The Adorians are more or less the people's champions, but they've affected a kind of disinterested viewpoint of late. As the novel begins, they seem sort of resigned to let the humans fend for themselves. I found this development of particular interest since Chancellor's description of Adorians is very similar to the traditional description of an angel. They have wings, a fair complexion, and some of them are said to be of "archorigen." Add to this the fact that the Adorian leader is Michael son of Gabriel and you'll find there is plenty of religious imagery to go around.
Chancellor uses this Biblical allusion wisely and doesn't really engage the charged imagery that floats throughout her pages directly. Instead, it's just there and it gives the whole novel a kind of regal feel. For some reason I kept imagining scenes like the "reunion of the gods" moments you find in films like "Clash of the Titans" (the older version of "Clash" was better by the way). I'm not 100% that I wasn't supposed to go a little farther with the significance of these images, but I didn't feel the narrative directed me to do so.

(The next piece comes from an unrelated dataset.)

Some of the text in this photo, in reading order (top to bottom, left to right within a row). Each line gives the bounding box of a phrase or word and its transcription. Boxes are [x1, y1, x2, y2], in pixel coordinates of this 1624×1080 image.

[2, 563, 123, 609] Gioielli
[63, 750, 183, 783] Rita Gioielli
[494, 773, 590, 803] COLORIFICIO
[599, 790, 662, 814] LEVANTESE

In the end, the Adorians take a back seat to the spunky Ariana. Ariana was raised among the humans, but her heritage is a bit murky. Suffice it to say that she ends up serving as a bridge between all three worlds, those of the Ereubinians, Adorians, and humans. Ariana is an interesting figure in that she is sometimes rebellious beyond reason. I can't tell if she actually is reckless, or if I just see her that way because I am getting old (probably the later). At times, she does seem a little bit out of control, but there is little doubt that the Adorians seem to need a good swift kick in the ass and Ariana is only too happy to oblige.
Another character who needs a kick in the ass (but of a more sinister variety) is Garren. Garren is the most powerful of the Ereubinians, and responsible for the greatest portion of pain and suffering that has befallen the humans in recent memory. Still, you know what they say about girls and "bad boys," and before you know it, Ariana's making more head-strong decisions that have the rest of the characters in the novel scratching their heads and pulling their swords (sometimes simultaneously).

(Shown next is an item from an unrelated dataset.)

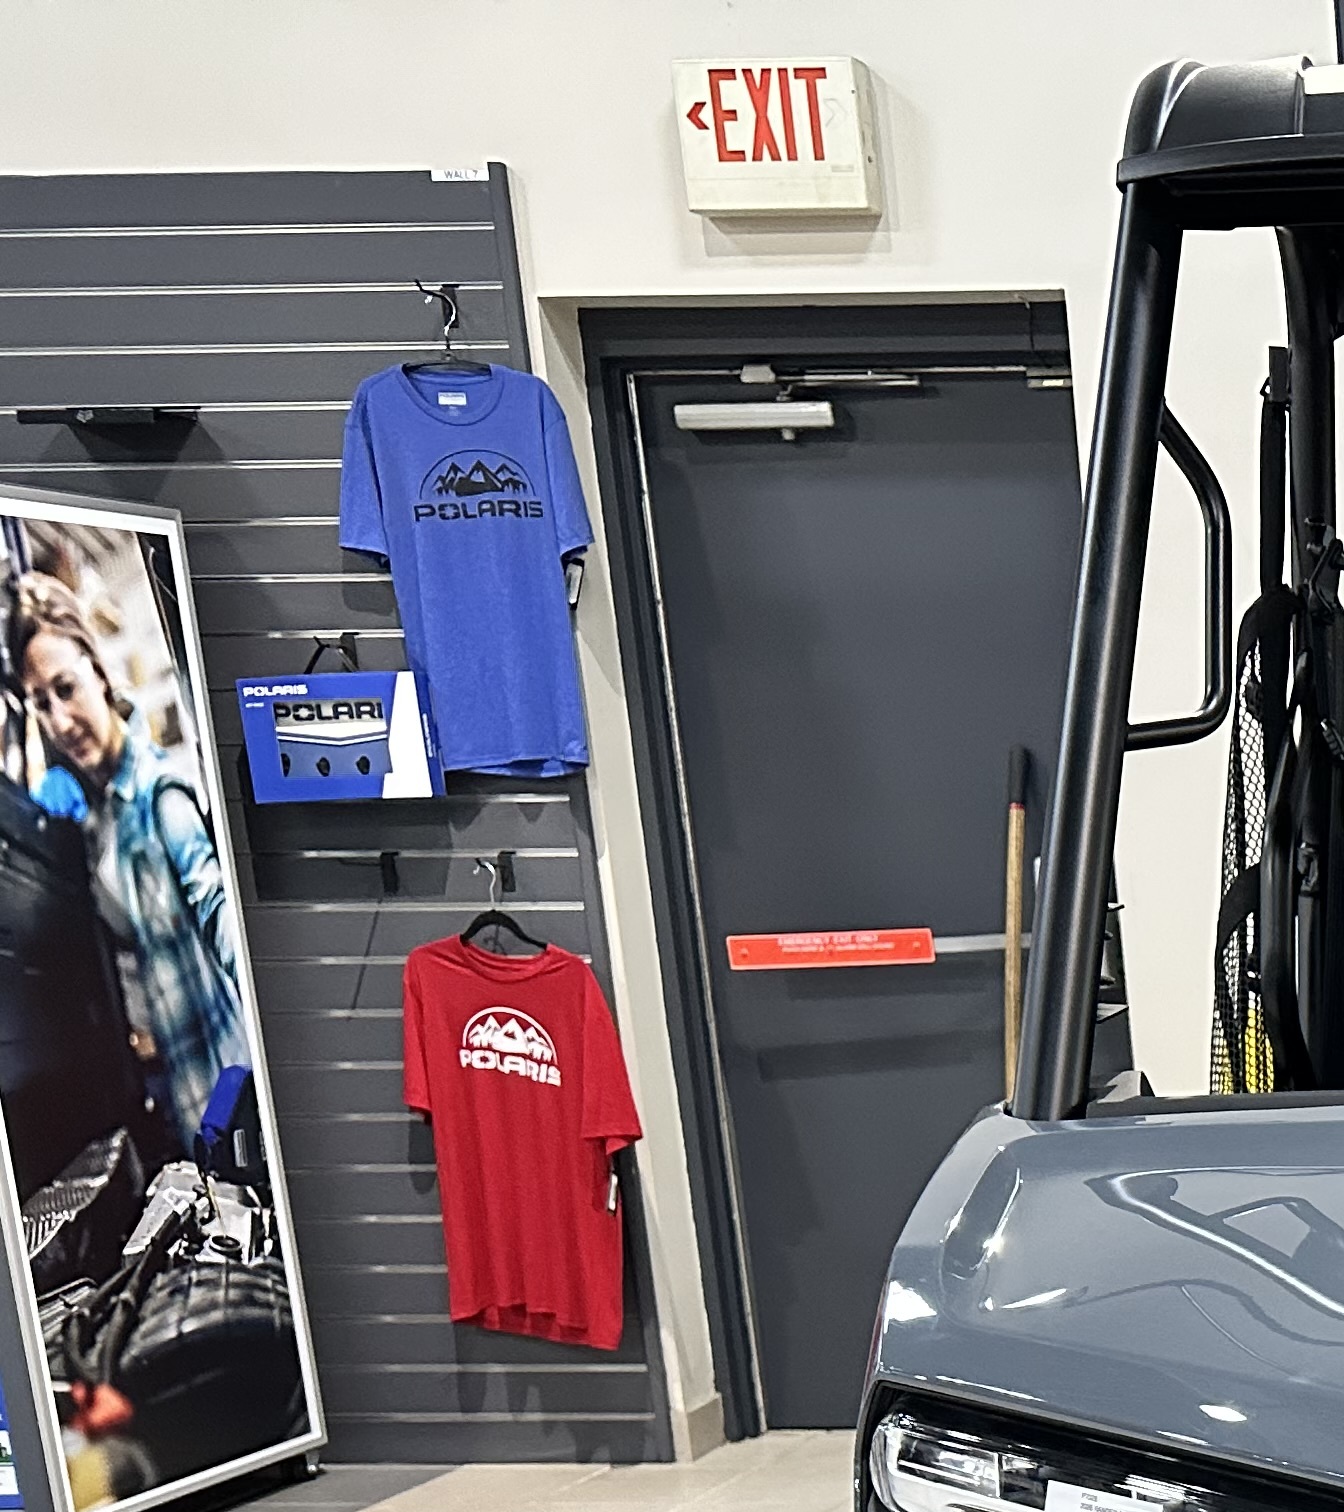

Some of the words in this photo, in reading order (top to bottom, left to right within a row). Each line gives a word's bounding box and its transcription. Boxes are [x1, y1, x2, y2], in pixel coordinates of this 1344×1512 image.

[707, 67, 827, 162] EXIT
[413, 500, 543, 522] POLARIS
[243, 685, 308, 697] POLARIS
[459, 1049, 561, 1087] POLARIS

In the end, "Son of Ereubus" is a story about heritage, history, romance and redemption (I guess when you put it that way, the religious back-drop makes perfect sense). By the time you reach the end of the book, much is revealed, but very little has been resolved. However, that's kind of the way life is isn't it? I'm not sure resolution is what Chancellor is aiming for in this book, and I would hesitate to suspect that it's going to be the focal point of the subsequent novels in this series. Instead, the purpose of "Ereubus" is to generate a tidal wave of human emotion, and to let the reader know that they can be swept along by it as long as they like. If a raw, wonderful, and convoluted experience is what you're looking for, then "Son of Ereubus" is the book for you!